I write here extensively about the challenges of brick and mortar bookstores and about the fact that both large retailers (B&N, Borders) and indies haven't found yet the right strategy to bring customers back to the stores. So you might guess I wasn't surprised to hear Sherry's remark. Still I was curious to see what arguments were made against his prediction as I thought they might be a good indicator whether he has a point or not.
So let's look at some of the arguments made against Sherry's prediction:
1. Joel Becker, chief executive of the Australian Booksellers Association, said he was "gobsmacked" at the "extraordinarily unhelpful" remarks, and had written to the minister asking him to explain himself. "It's an industry that's obviously going through changes, and we're responding to those changes by working out ways for even the smallest bookstores to go online and sell ebooks; we've been doing it so far without any support from the government," he told the Sydney Morning Herald.
2. Jon Page, president of the ABA and a bookseller at Sydney's Pages and Pages, insisted on Twitter that "we are not a dead or dying industry". There is "still a place for an independent that services their local community", said Page, telling the SMH that Sherry had shown "a distinct lack of understanding about the Australian book industry".
3. Daniel Jordan, managing director of Collins Booksellers, also dismissed the comment, stating: “To assume that bricks-and-mortar retailing won’t exist in five years is just plain wrong.”
4. Shadow Small Business Minister Bruce Billson also slammed Sherry’s comment, describing the minister as a “prophet of doom”. “Senator Sherry’s defeatist and demoralising commentary adds insult to the injury of his lack of support for retailing as small business adapts and innovates to respond to market trends and difficult trading conditions,” Billson said in a statement.

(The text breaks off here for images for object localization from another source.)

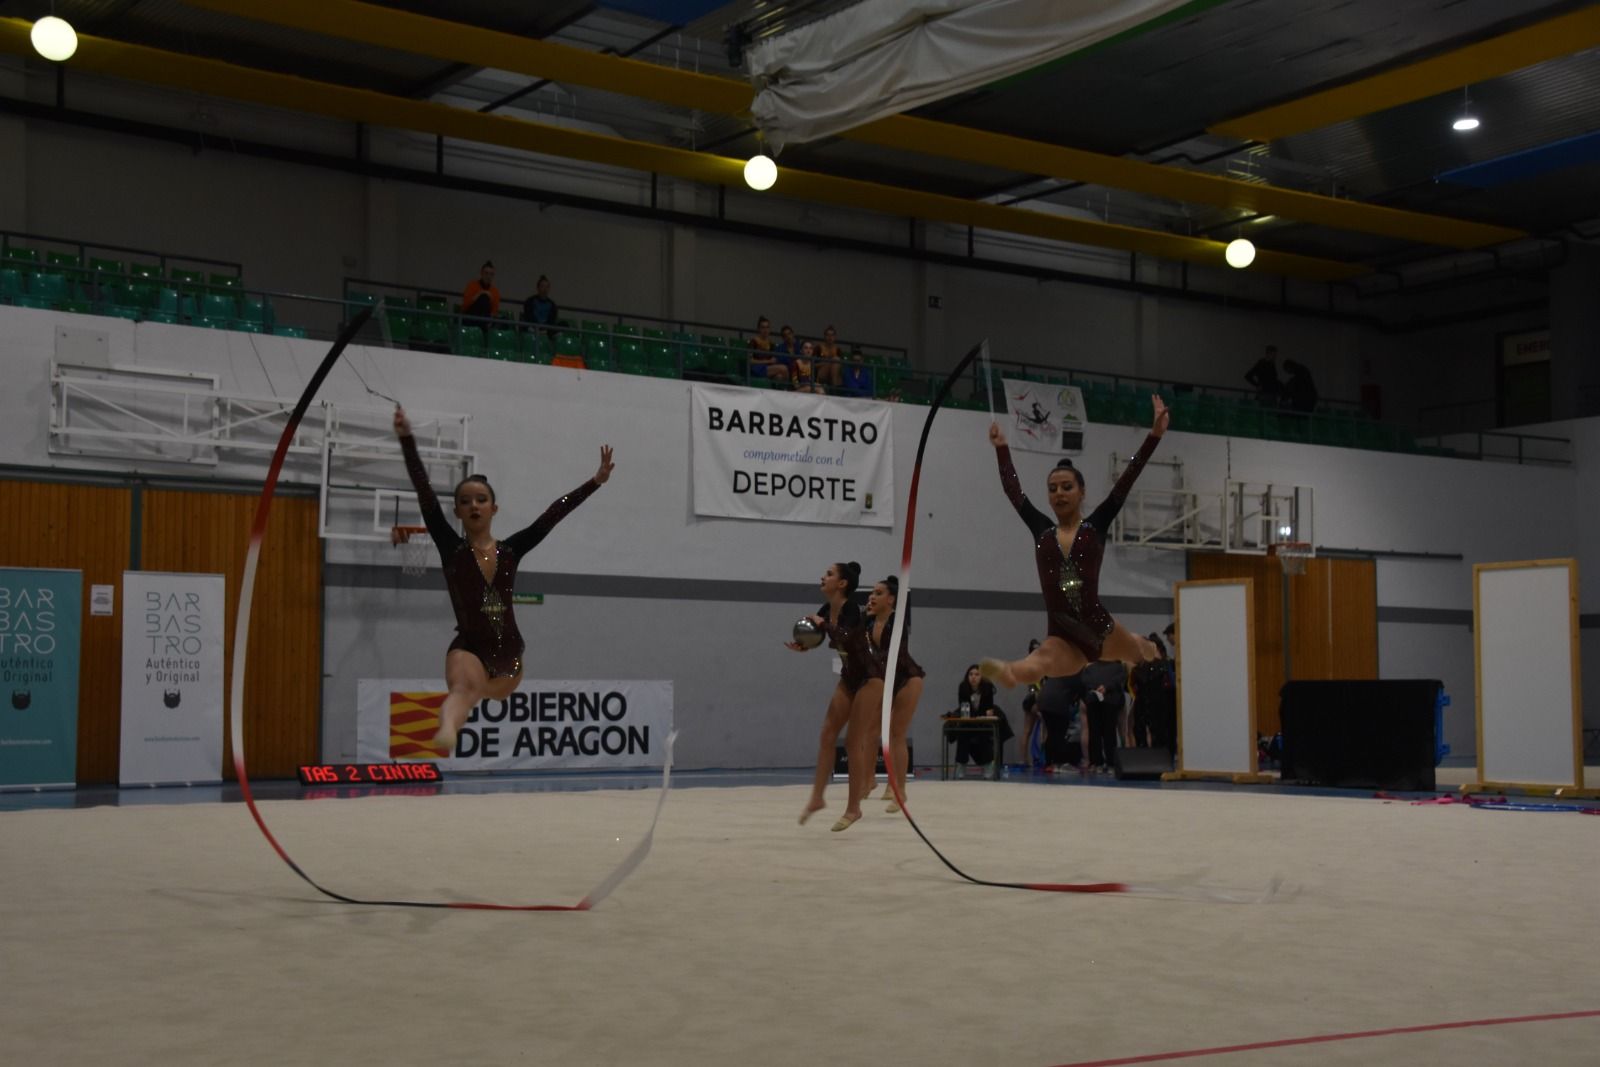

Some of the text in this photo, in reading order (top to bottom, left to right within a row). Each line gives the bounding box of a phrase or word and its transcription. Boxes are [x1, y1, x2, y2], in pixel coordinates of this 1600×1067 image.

[708, 407, 878, 444] BARBASTRO
[743, 445, 845, 466] comprometido con el
[733, 470, 857, 501] DEPORTE
[146, 591, 201, 612] BAR
[146, 614, 202, 634] BAS
[146, 635, 203, 656] TRO
[0, 657, 54, 670] uténtico
[145, 657, 201, 670] Auténtico
[3, 670, 53, 686] Original
[145, 670, 200, 685] y Original
[455, 726, 649, 758] DE ARAGON
[301, 764, 438, 782] TAS 2 CINTAS

5. Page has had the same response in his Mosman store, and says it started in February when RedGroup Retail, the parent company of Borders and Angus and Robertson, called in administrators. ''Ever since the collapse of the RedGroup, customers have been coming into my bookshop asking if I am going to close, too,'' he told me yesterday. ''The minister's comments have been very damaging because they have reinforced in some customers' minds the idea that bookshops are on the way out.''My impression from all these arguments and comments is that they don't really challenge Sherry's assumptions. They don't show in any way how the future of bookstores can be different from the one Sherry predicts and how bookstores can fight back online stores and be relevant to e-book consumers. His prediction might be unpleasant and even wrong in terms of timeframe, but it still important to be aware of this possibility, especially given the fact that we see so many bookstores closing and as we see from Borders' case, even the large retailers are not immune.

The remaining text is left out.